- _TASK TO CARRY OUT_: Exactly as shown below, retype every line of the data.

- _DATA FOR ANALYSIS_:
============

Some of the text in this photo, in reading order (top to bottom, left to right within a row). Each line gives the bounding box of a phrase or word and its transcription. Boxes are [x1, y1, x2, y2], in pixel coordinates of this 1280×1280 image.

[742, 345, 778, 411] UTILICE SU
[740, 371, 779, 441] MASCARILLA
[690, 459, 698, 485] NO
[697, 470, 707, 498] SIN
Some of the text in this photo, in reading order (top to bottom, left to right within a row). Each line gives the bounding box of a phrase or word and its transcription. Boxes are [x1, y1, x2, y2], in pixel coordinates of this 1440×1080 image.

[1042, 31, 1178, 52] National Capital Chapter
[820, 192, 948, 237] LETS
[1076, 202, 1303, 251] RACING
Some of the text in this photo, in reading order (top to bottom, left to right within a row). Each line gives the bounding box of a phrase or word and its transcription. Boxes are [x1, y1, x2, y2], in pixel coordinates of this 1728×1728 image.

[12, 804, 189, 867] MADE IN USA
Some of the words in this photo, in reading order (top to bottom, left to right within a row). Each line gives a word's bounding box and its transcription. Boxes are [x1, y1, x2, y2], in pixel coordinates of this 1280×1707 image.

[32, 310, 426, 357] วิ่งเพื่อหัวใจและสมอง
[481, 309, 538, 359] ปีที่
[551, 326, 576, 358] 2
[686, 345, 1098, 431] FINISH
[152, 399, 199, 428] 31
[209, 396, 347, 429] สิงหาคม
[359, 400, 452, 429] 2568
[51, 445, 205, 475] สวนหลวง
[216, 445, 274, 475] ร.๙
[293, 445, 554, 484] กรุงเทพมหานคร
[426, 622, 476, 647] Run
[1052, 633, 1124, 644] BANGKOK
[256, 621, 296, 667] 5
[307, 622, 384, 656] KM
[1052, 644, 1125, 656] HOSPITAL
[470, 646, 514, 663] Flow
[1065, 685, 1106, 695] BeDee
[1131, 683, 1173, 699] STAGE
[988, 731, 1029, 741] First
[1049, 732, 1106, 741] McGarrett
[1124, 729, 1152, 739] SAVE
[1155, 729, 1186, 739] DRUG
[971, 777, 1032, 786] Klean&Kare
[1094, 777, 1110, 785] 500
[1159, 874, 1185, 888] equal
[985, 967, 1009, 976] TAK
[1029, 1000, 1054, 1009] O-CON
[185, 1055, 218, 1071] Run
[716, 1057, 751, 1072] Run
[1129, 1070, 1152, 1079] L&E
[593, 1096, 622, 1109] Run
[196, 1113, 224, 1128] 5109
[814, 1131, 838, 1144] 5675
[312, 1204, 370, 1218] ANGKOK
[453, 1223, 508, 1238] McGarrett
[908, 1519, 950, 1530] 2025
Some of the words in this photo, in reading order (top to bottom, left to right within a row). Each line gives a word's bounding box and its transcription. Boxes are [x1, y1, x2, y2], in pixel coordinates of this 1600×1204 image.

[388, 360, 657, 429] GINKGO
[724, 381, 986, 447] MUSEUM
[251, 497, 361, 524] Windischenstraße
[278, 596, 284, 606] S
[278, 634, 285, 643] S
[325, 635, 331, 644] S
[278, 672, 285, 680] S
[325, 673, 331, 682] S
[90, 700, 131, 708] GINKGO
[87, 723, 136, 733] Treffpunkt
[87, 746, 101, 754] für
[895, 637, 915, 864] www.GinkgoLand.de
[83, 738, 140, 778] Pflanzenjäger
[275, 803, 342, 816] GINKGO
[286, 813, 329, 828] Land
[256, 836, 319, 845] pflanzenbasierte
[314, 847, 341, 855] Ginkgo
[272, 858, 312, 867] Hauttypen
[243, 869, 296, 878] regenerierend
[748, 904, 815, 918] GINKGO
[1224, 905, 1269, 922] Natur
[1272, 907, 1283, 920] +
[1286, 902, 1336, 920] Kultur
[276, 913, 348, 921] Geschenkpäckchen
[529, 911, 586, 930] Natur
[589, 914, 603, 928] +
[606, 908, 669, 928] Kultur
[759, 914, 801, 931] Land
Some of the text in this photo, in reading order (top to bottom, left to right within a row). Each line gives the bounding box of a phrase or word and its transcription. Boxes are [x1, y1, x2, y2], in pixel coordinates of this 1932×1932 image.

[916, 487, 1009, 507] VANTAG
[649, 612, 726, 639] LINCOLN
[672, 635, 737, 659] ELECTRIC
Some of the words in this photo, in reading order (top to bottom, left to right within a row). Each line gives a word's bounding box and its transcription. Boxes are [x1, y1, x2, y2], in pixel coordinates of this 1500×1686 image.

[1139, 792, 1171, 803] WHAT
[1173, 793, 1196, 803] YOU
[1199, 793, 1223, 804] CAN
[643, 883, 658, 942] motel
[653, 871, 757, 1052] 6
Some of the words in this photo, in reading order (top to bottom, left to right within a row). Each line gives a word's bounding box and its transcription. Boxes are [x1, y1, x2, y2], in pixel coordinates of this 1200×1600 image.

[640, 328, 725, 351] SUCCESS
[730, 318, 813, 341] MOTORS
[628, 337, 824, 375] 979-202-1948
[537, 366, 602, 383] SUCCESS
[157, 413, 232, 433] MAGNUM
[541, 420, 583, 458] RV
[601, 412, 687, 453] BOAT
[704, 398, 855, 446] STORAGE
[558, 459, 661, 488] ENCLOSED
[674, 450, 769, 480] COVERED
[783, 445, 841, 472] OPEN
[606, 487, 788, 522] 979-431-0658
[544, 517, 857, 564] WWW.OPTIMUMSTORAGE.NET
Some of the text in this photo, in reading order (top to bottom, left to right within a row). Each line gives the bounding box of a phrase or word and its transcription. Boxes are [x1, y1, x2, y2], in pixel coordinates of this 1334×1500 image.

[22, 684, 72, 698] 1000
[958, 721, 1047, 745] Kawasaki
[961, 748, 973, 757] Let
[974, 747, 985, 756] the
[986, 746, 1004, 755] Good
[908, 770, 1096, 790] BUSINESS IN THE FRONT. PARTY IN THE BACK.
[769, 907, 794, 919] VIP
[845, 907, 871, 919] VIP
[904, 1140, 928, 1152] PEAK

============

- _TASK RESPONSE_:
Some of the text in this photo, in reading order (top to bottom, left to right within a row). Each line gives the bounding box of a phrase or word and its transcription. Boxes are [x1, y1, x2, y2], in pixel coordinates of this 1280×1280 image.

[742, 345, 778, 411] UTILICE SU
[740, 371, 779, 441] MASCARILLA
[690, 459, 698, 485] NO
[697, 470, 707, 498] SIN
Some of the text in this photo, in reading order (top to bottom, left to right within a row). Each line gives the bounding box of a phrase or word and its transcription. Boxes are [x1, y1, x2, y2], in pixel coordinates of this 1440×1080 image.

[1042, 31, 1178, 52] National Capital Chapter
[820, 192, 948, 237] LETS
[1076, 202, 1303, 251] RACING
Some of the text in this photo, in reading order (top to bottom, left to right within a row). Each line gives the bounding box of a phrase or word and its transcription. Boxes are [x1, y1, x2, y2], in pixel coordinates of this 1728×1728 image.

[12, 804, 189, 867] MADE IN USA
Some of the words in this photo, in reading order (top to bottom, left to right within a row). Each line gives a word's bounding box and its transcription. Boxes are [x1, y1, x2, y2], in pixel coordinates of this 1280×1707 image.

[32, 310, 426, 357] วิ่งเพื่อหัวใจและสมอง
[481, 309, 538, 359] ปีที่
[551, 326, 576, 358] 2
[686, 345, 1098, 431] FINISH
[152, 399, 199, 428] 31
[209, 396, 347, 429] สิงหาคม
[359, 400, 452, 429] 2568
[51, 445, 205, 475] สวนหลวง
[216, 445, 274, 475] ร.๙
[293, 445, 554, 484] กรุงเทพมหานคร
[426, 622, 476, 647] Run
[1052, 633, 1124, 644] BANGKOK
[256, 621, 296, 667] 5
[307, 622, 384, 656] KM
[1052, 644, 1125, 656] HOSPITAL
[470, 646, 514, 663] Flow
[1065, 685, 1106, 695] BeDee
[1131, 683, 1173, 699] STAGE
[988, 731, 1029, 741] First
[1049, 732, 1106, 741] McGarrett
[1124, 729, 1152, 739] SAVE
[1155, 729, 1186, 739] DRUG
[971, 777, 1032, 786] Klean&Kare
[1094, 777, 1110, 785] 500
[1159, 874, 1185, 888] equal
[985, 967, 1009, 976] TAK
[1029, 1000, 1054, 1009] O-CON
[185, 1055, 218, 1071] Run
[716, 1057, 751, 1072] Run
[1129, 1070, 1152, 1079] L&E
[593, 1096, 622, 1109] Run
[196, 1113, 224, 1128] 5109
[814, 1131, 838, 1144] 5675
[312, 1204, 370, 1218] ANGKOK
[453, 1223, 508, 1238] McGarrett
[908, 1519, 950, 1530] 2025
Some of the words in this photo, in reading order (top to bottom, left to right within a row). Each line gives a word's bounding box and its transcription. Boxes are [x1, y1, x2, y2], in pixel coordinates of this 1600×1204 image.

[388, 360, 657, 429] GINKGO
[724, 381, 986, 447] MUSEUM
[251, 497, 361, 524] Windischenstraße
[278, 596, 284, 606] S
[278, 634, 285, 643] S
[325, 635, 331, 644] S
[278, 672, 285, 680] S
[325, 673, 331, 682] S
[90, 700, 131, 708] GINKGO
[87, 723, 136, 733] Treffpunkt
[87, 746, 101, 754] für
[895, 637, 915, 864] www.GinkgoLand.de
[83, 738, 140, 778] Pflanzenjäger
[275, 803, 342, 816] GINKGO
[286, 813, 329, 828] Land
[256, 836, 319, 845] pflanzenbasierte
[314, 847, 341, 855] Ginkgo
[272, 858, 312, 867] Hauttypen
[243, 869, 296, 878] regenerierend
[748, 904, 815, 918] GINKGO
[1224, 905, 1269, 922] Natur
[1272, 907, 1283, 920] +
[1286, 902, 1336, 920] Kultur
[276, 913, 348, 921] Geschenkpäckchen
[529, 911, 586, 930] Natur
[589, 914, 603, 928] +
[606, 908, 669, 928] Kultur
[759, 914, 801, 931] Land
Some of the text in this photo, in reading order (top to bottom, left to right within a row). Each line gives the bounding box of a phrase or word and its transcription. Boxes are [x1, y1, x2, y2], in pixel coordinates of this 1932×1932 image.

[916, 487, 1009, 507] VANTAG
[649, 612, 726, 639] LINCOLN
[672, 635, 737, 659] ELECTRIC
Some of the words in this photo, in reading order (top to bottom, left to right within a row). Each line gives a word's bounding box and its transcription. Boxes are [x1, y1, x2, y2], in pixel coordinates of this 1500×1686 image.

[1139, 792, 1171, 803] WHAT
[1173, 793, 1196, 803] YOU
[1199, 793, 1223, 804] CAN
[643, 883, 658, 942] motel
[653, 871, 757, 1052] 6
Some of the words in this photo, in reading order (top to bottom, left to right within a row). Each line gives a word's bounding box and its transcription. Boxes are [x1, y1, x2, y2], in pixel coordinates of this 1200×1600 image.

[640, 328, 725, 351] SUCCESS
[730, 318, 813, 341] MOTORS
[628, 337, 824, 375] 979-202-1948
[537, 366, 602, 383] SUCCESS
[157, 413, 232, 433] MAGNUM
[541, 420, 583, 458] RV
[601, 412, 687, 453] BOAT
[704, 398, 855, 446] STORAGE
[558, 459, 661, 488] ENCLOSED
[674, 450, 769, 480] COVERED
[783, 445, 841, 472] OPEN
[606, 487, 788, 522] 979-431-0658
[544, 517, 857, 564] WWW.OPTIMUMSTORAGE.NET
Some of the text in this photo, in reading order (top to bottom, left to right within a row). Each line gives the bounding box of a phrase or word and its transcription. Boxes are [x1, y1, x2, y2], in pixel coordinates of this 1334×1500 image.

[22, 684, 72, 698] 1000
[958, 721, 1047, 745] Kawasaki
[961, 748, 973, 757] Let
[974, 747, 985, 756] the
[986, 746, 1004, 755] Good
[908, 770, 1096, 790] BUSINESS IN THE FRONT. PARTY IN THE BACK.
[769, 907, 794, 919] VIP
[845, 907, 871, 919] VIP
[904, 1140, 928, 1152] PEAK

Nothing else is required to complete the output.